Without the pictures, reproduce the entries below exactly.

Data to process:
-=-=-
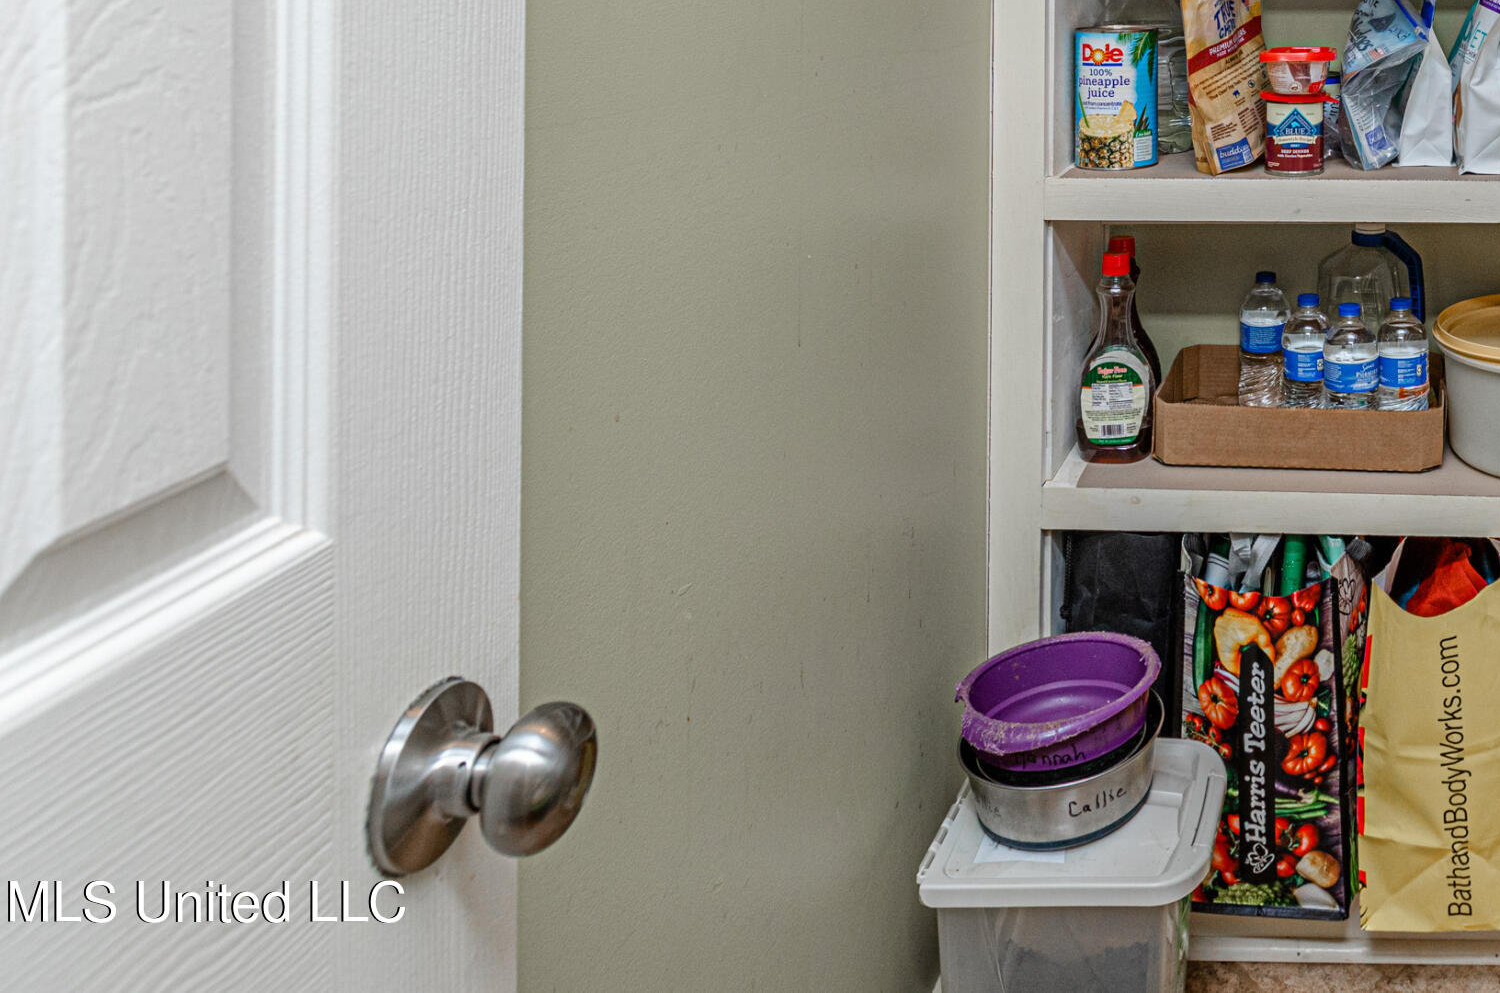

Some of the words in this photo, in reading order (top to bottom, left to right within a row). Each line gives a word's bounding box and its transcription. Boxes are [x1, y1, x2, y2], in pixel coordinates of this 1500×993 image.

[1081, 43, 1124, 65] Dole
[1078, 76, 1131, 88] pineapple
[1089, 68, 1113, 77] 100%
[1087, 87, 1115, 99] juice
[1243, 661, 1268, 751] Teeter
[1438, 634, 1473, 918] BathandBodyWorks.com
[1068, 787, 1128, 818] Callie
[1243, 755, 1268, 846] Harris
-=-=-
Solution for this exercise:
Some of the words in this photo, in reading order (top to bottom, left to right within a row). Each line gives a word's bounding box and its transcription. Boxes are [x1, y1, x2, y2], in pixel coordinates of this 1500×993 image.

[1081, 43, 1124, 65] Dole
[1078, 76, 1131, 88] pineapple
[1089, 68, 1113, 77] 100%
[1087, 87, 1115, 99] juice
[1243, 661, 1268, 751] Teeter
[1438, 634, 1473, 918] BathandBodyWorks.com
[1068, 787, 1128, 818] Callie
[1243, 755, 1268, 846] Harris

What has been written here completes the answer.